Work instruction. Reproduce every entry that follows word for word, but omit the images.

*-*-*

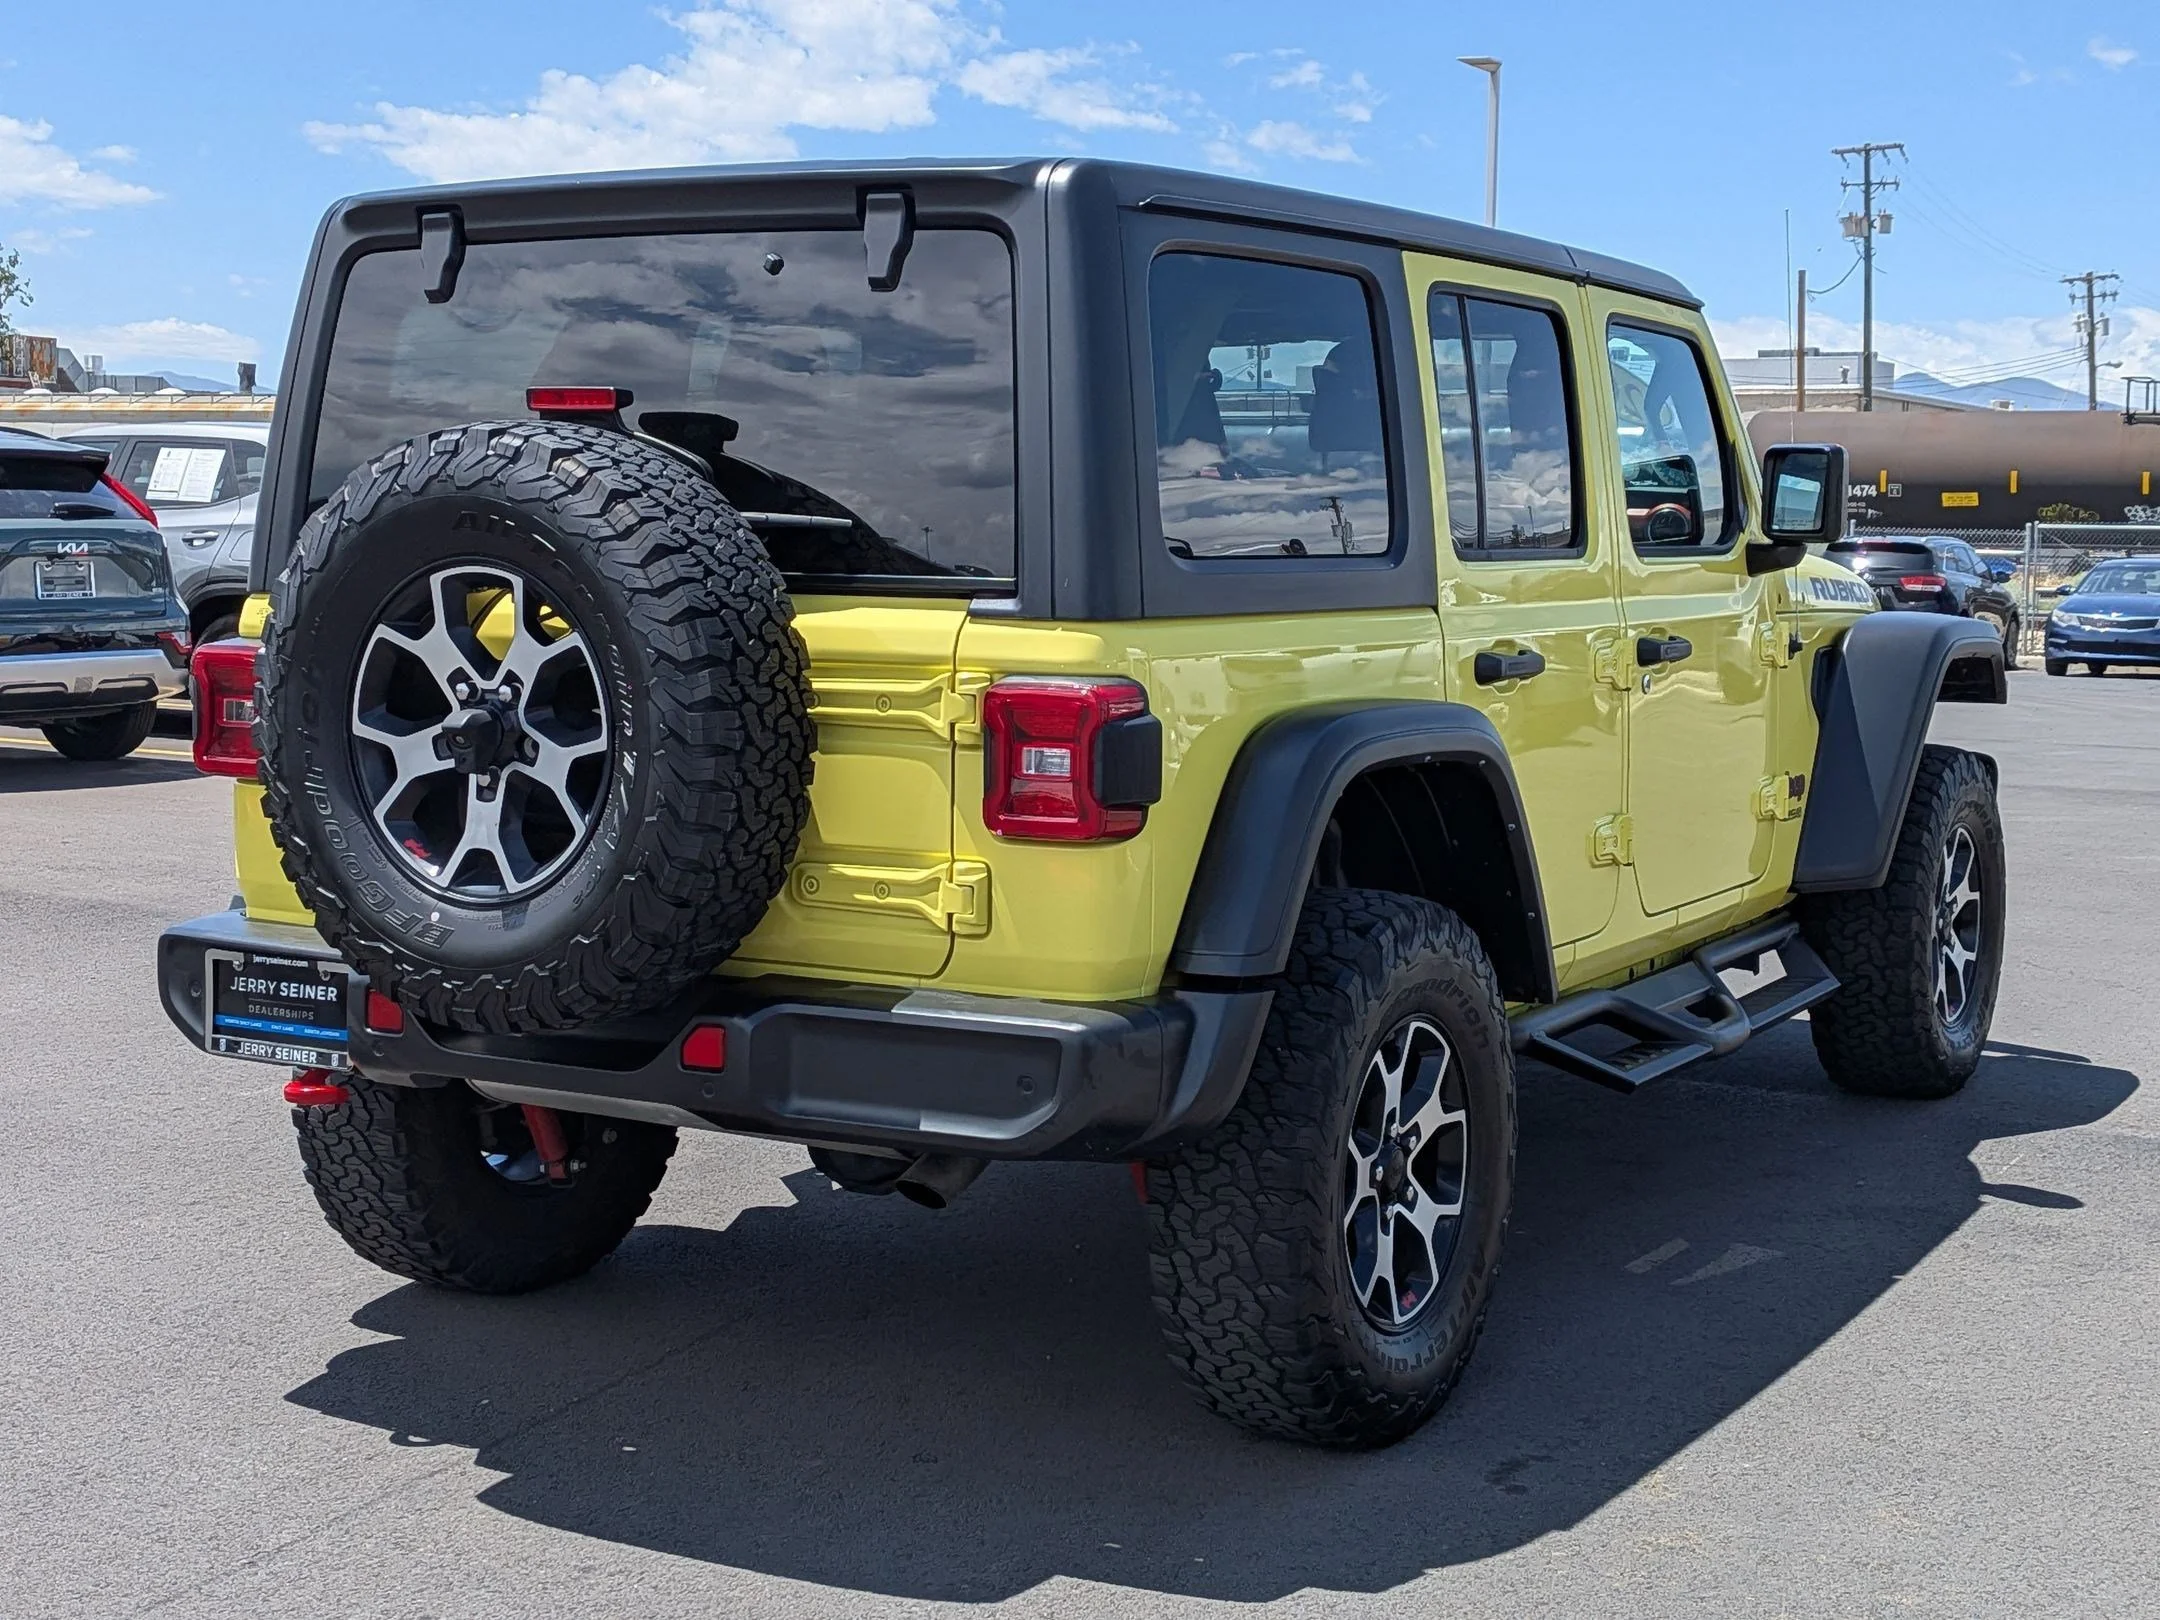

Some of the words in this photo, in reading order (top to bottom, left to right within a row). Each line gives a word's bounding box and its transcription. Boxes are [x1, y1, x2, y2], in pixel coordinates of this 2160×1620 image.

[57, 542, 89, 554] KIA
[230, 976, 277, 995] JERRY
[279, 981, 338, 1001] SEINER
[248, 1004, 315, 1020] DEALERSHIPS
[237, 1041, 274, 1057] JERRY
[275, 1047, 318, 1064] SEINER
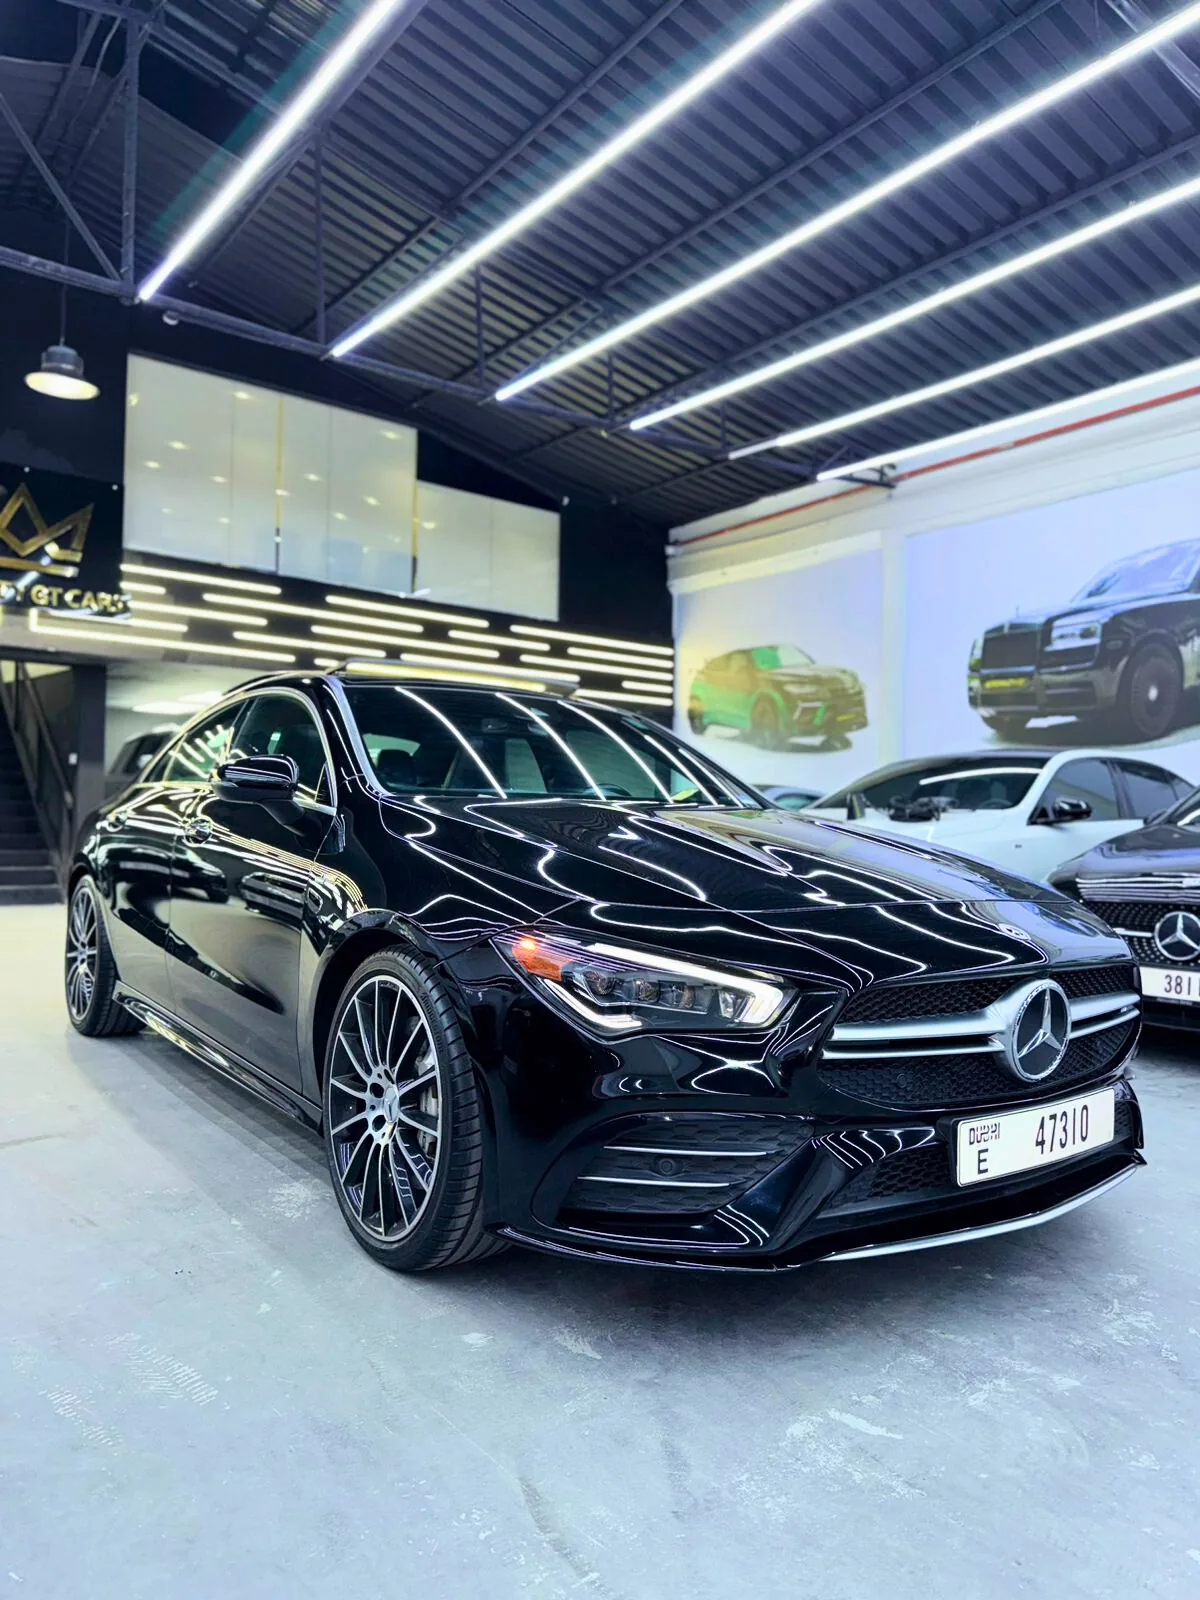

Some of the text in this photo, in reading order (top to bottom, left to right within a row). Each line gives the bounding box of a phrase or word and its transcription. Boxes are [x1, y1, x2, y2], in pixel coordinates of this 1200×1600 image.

*-*-*

Response area.
Some of the words in this photo, in reading order (top to bottom, left to right within a row). Each line gives a word's bounding box and its transcription. Boxes are [x1, y1, x2, y2], in pixel coordinates of this 2160×1620 image.

[57, 542, 89, 554] KIA
[230, 976, 277, 995] JERRY
[279, 981, 338, 1001] SEINER
[248, 1004, 315, 1020] DEALERSHIPS
[237, 1041, 274, 1057] JERRY
[275, 1047, 318, 1064] SEINER

Some of the text in this photo, in reading order (top to bottom, left to right within a row). Each line gives the bounding box of a phrase or word and its transcription. Boxes are [x1, y1, x2, y2], in pixel coordinates of this 1200×1600 image.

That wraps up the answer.